Radio Marconi S.r.l.
- Company type: S.r.l.
- Industry: Advanced multimedia systems
- Founded: 1993 by Stefano De Lissandri
- Headquarters: Lecco, Italy
- Area served: Worldwide
- Products: electronic libretto, subtitles, supertitles, seat back titles, multimedia systems, foreign languages translators
- Website: www.radiomarconi.it

= Radio Marconi =

Italian company

Radio Marconi is an Italian-based company that has installed and serviced audio-visual and radio equipment since 1993. It designs interactive multimedia communication systems. The company has also developed several applications for theaters, conference centers, museums and stadiums. During its lifespan, the company has become a service center for brands such as Sony, Sennheiser, Neumann, and Televic, with customers based in radio, television, theater, public authorities and security forces.

==History==
In 2004, after completing a project for the Teatro alla Scala in Milan, Radio Marconi was transformed from a uninominal to a limited liability company.

Radio Marconi began focusing on the development of proprietary technologies in 2006 and started its international expansion, with the first international project realized in 2007 at the Oslo Opera House.
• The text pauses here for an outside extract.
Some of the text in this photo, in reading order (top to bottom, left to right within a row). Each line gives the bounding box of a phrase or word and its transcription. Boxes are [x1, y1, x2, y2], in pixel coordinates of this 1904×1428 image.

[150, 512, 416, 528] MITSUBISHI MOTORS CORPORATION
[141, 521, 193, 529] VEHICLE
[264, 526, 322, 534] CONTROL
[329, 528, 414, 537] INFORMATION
The company made a patent application in Italy in November 2007.

In 2009, it further developed technology aimed at low consumption multimedia technology (known as MODE23). Patent applications were expanded to Europe, United States, Canada, China, Oman, Qatar and United Arab Emirates. In 2010, the company obtained a patent for its MODE23 technology in its native country. Its applications extend to other parallel markets, such as those involved with sport.

In 2011, Radio Marconi was involved with the first worldwide large scale installation of interactive multimedia technology at the Royal Opera House Muscat in Oman. This project was a finalist in the "Most InAVative Leisure & Entertainment Facility" category at the InAVation Awards 2013.
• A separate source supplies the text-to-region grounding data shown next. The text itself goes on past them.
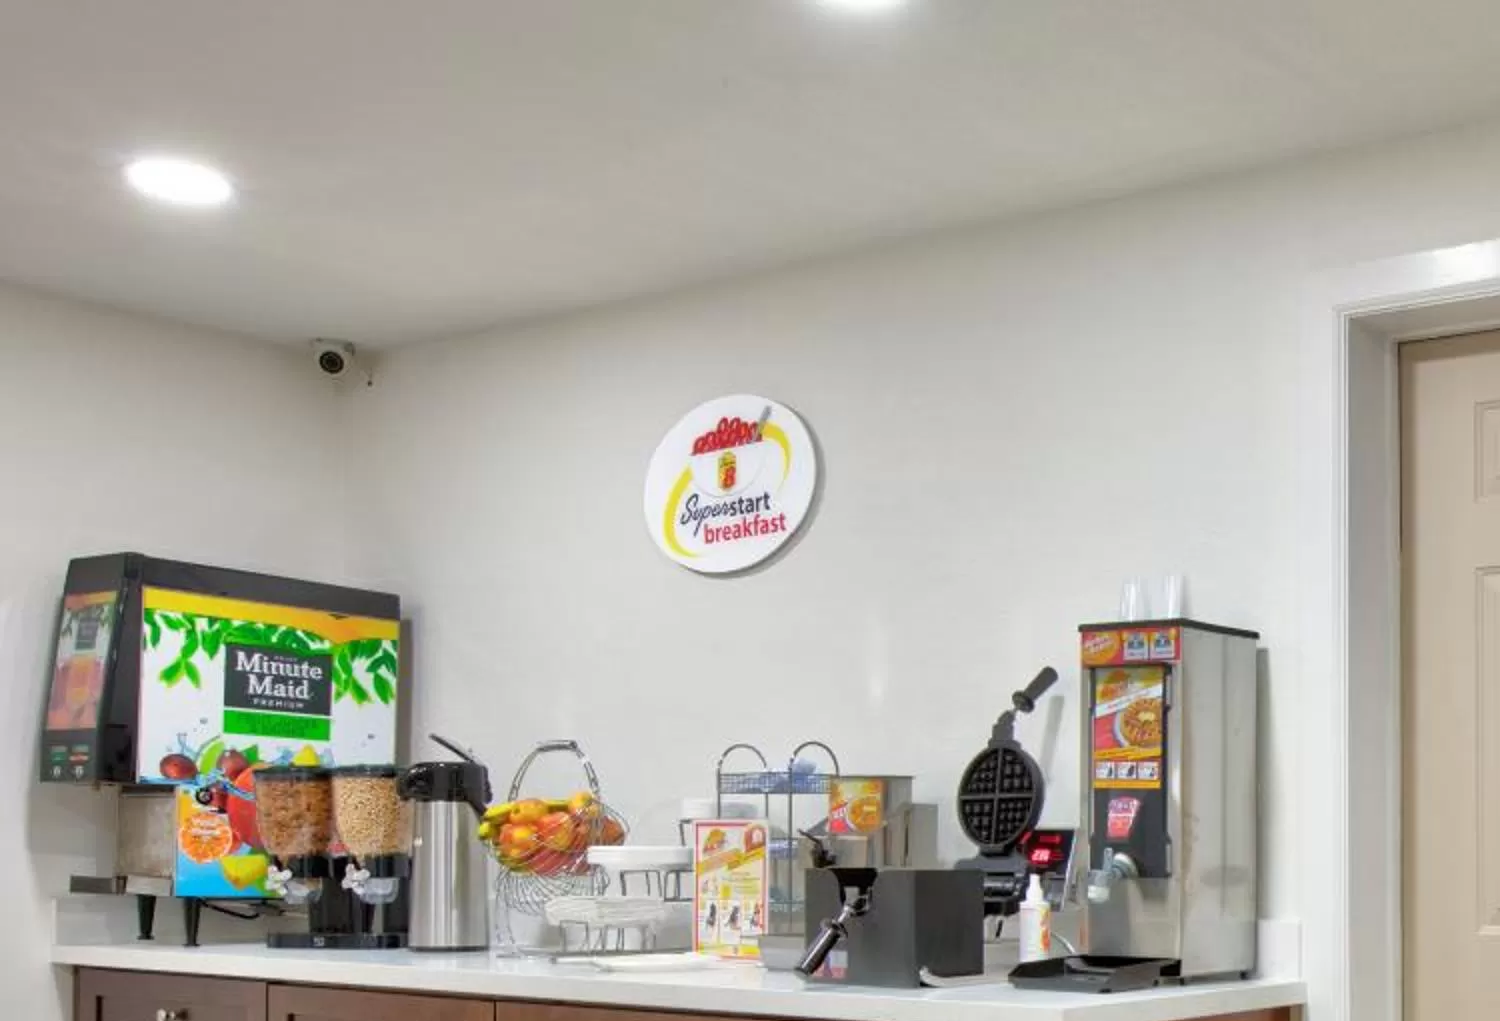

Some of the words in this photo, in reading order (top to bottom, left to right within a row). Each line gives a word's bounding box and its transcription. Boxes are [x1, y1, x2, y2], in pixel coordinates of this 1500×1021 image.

[703, 512, 787, 545] breakfast
[234, 650, 324, 680] Minute
[247, 673, 311, 700] Maid
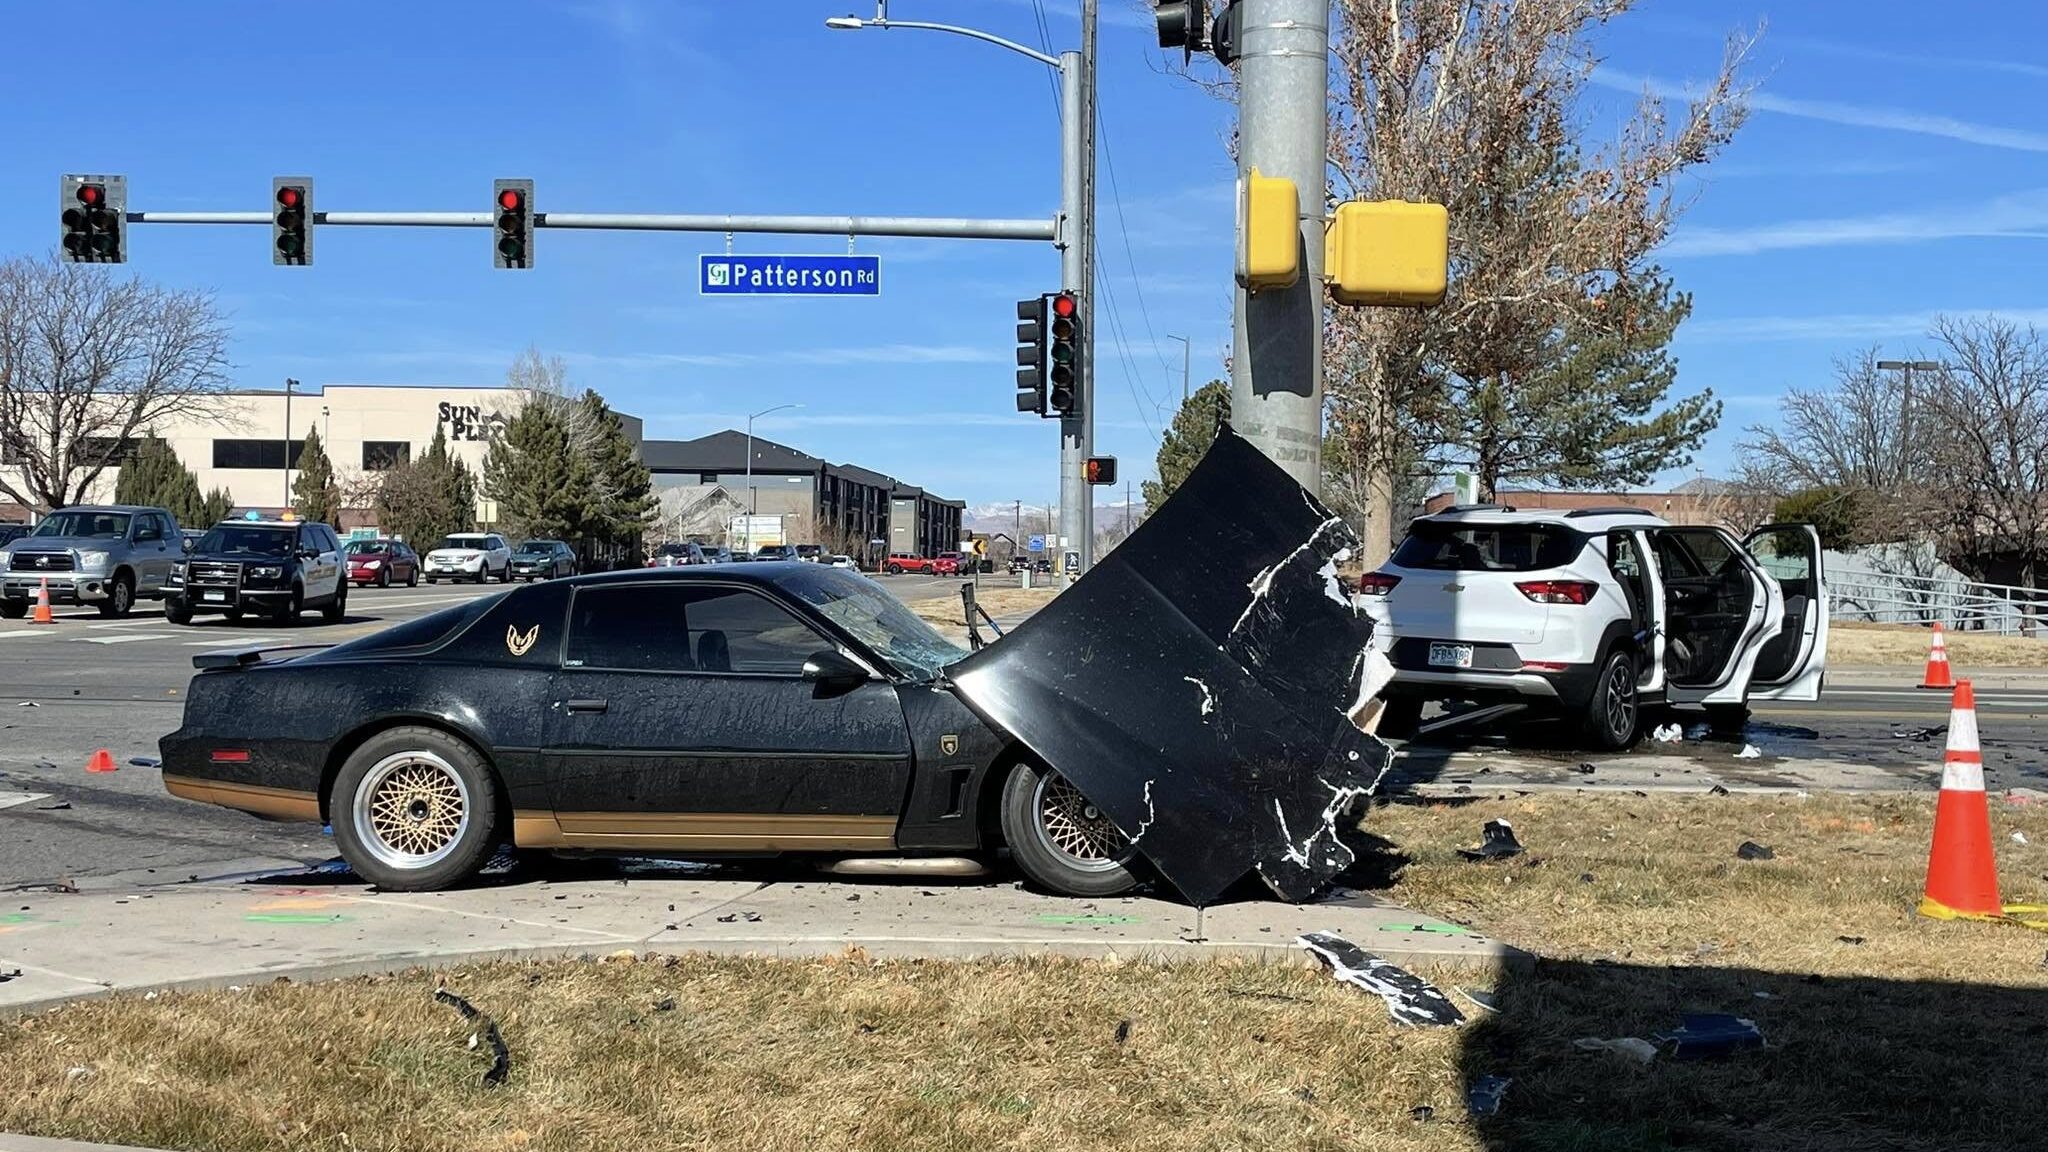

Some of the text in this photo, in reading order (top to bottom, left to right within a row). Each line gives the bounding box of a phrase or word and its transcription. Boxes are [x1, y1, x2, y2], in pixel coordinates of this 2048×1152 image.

[734, 263, 852, 286] Patterson
[857, 269, 874, 283] Rd
[439, 401, 480, 422] SUN
In 2012 Radio Marconi obtained the European patent 216.855 for its MODE23 technology

==Awards==
In 2011 Radio Marconi was given the Cisco company's "Innovation Award". The company was described as "the most innovative business impacting network of the year". In the same year Radio Marconi was hosted at Cisco's booth at SMAU 2011.
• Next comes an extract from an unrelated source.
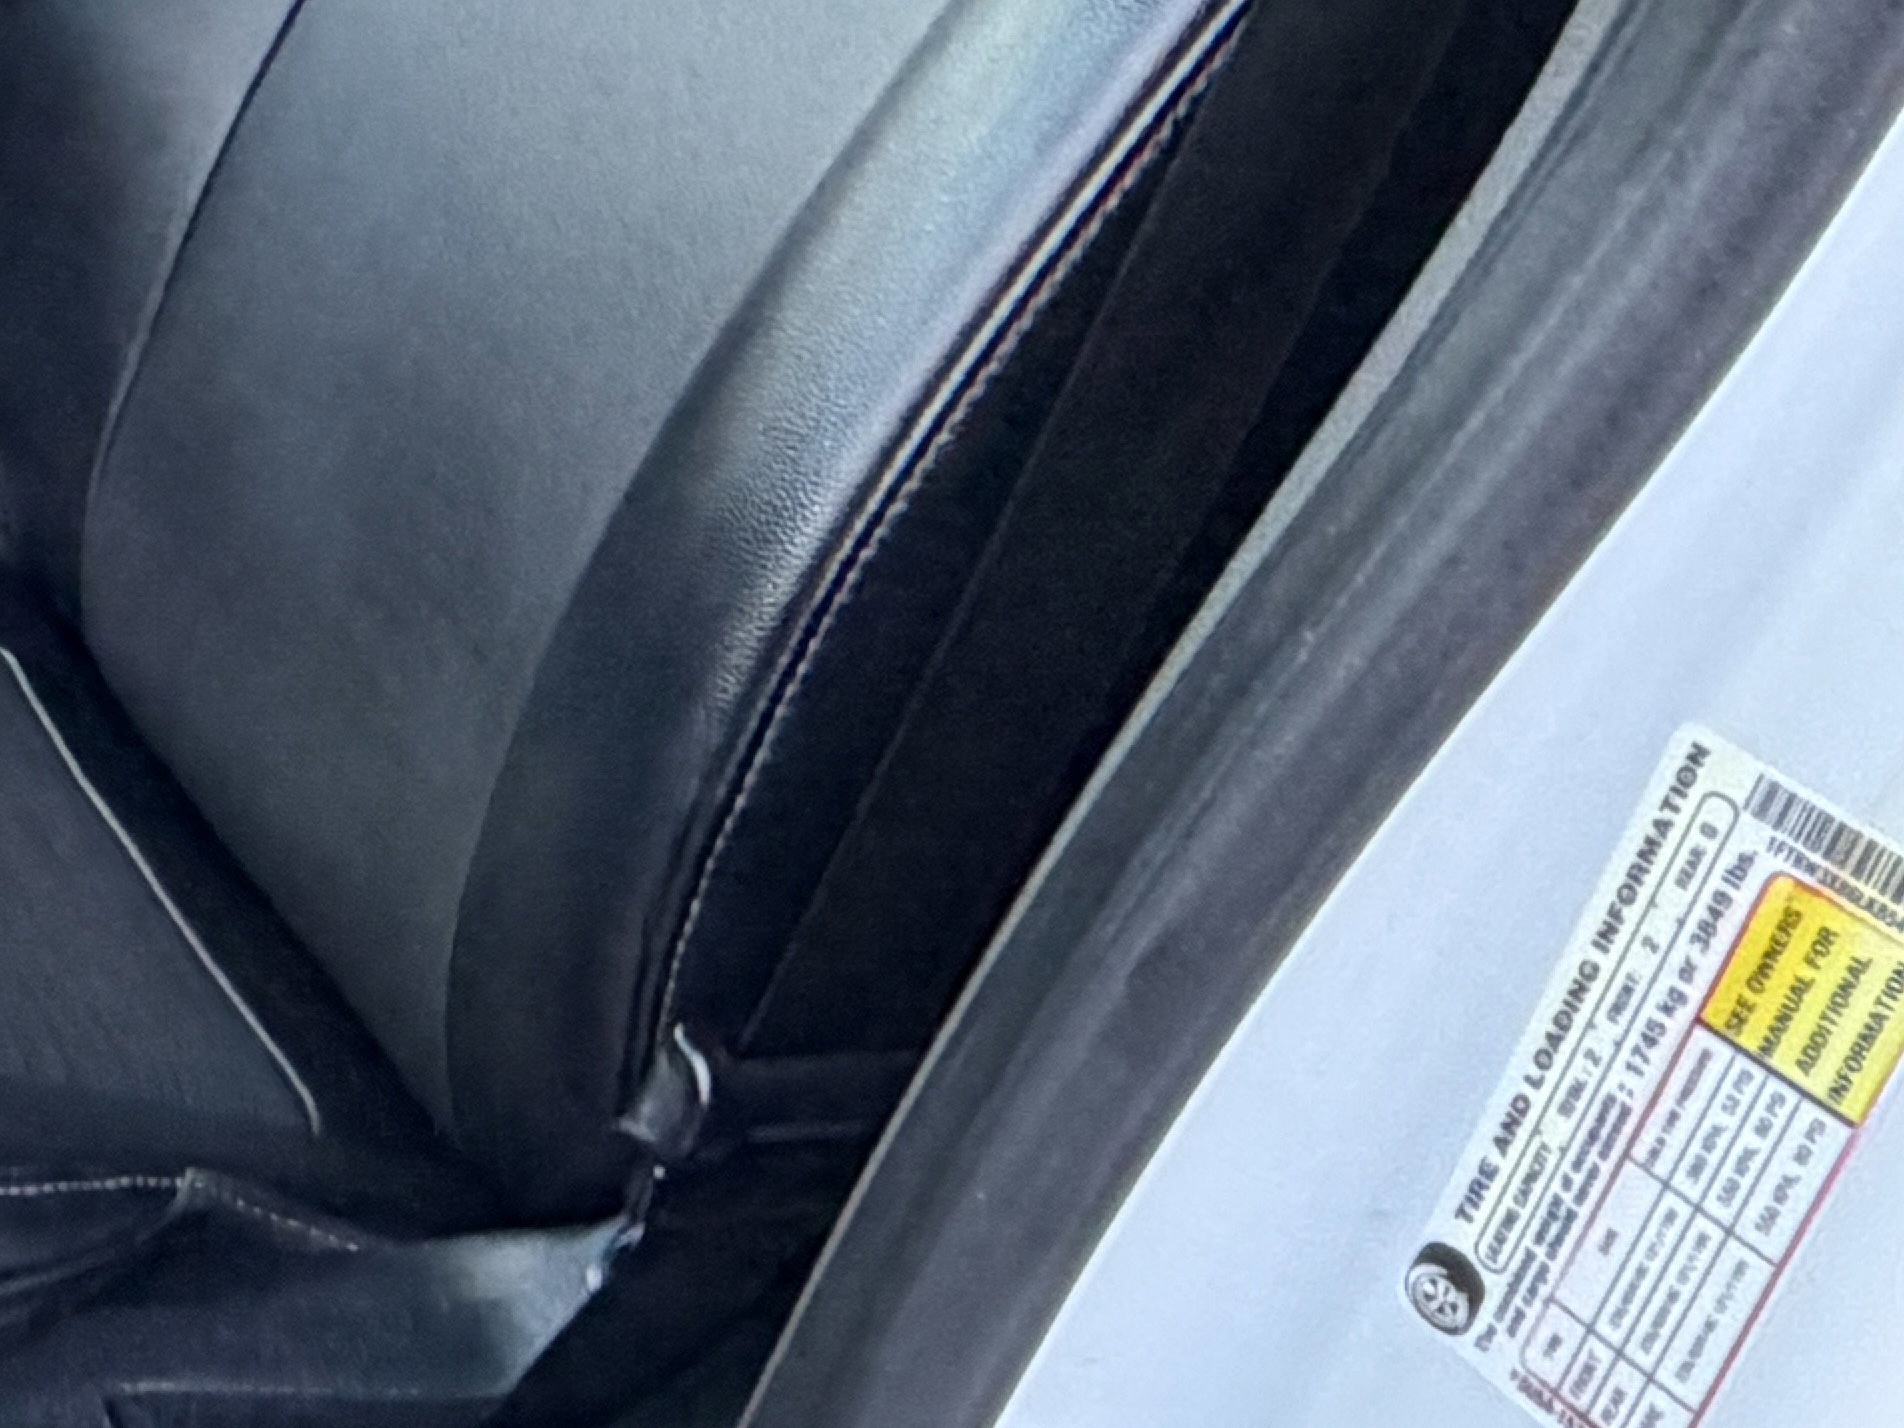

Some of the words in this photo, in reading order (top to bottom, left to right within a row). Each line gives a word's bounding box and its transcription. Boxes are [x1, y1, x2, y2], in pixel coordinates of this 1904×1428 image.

In 2013 Radio Marconi is finalist in the EMEA "Most InAVative Leisure & Entertainment Facility" category at the InAVation Awards 2013, for the interactive multimedia seatback system integrated into the Royal Opera House in Muscat.

==Technology and products==
The company is known mainly for its surtitle and supertitle systems, as well as the electronic libretto, seat back titles, and libretto translation technology. It is also known for its wireless and touch screen technology. These devices are not computer-based, resulting in no moving parts, no sound, and no overheating. These products allow users to view video channels, download content, and participate in surveys, among other applications. Radio Marconi systems can reproduce any existing linguistic character and can be used for translation and the creation and sharing of multilingual information, such as alerts, public notices, and other general information.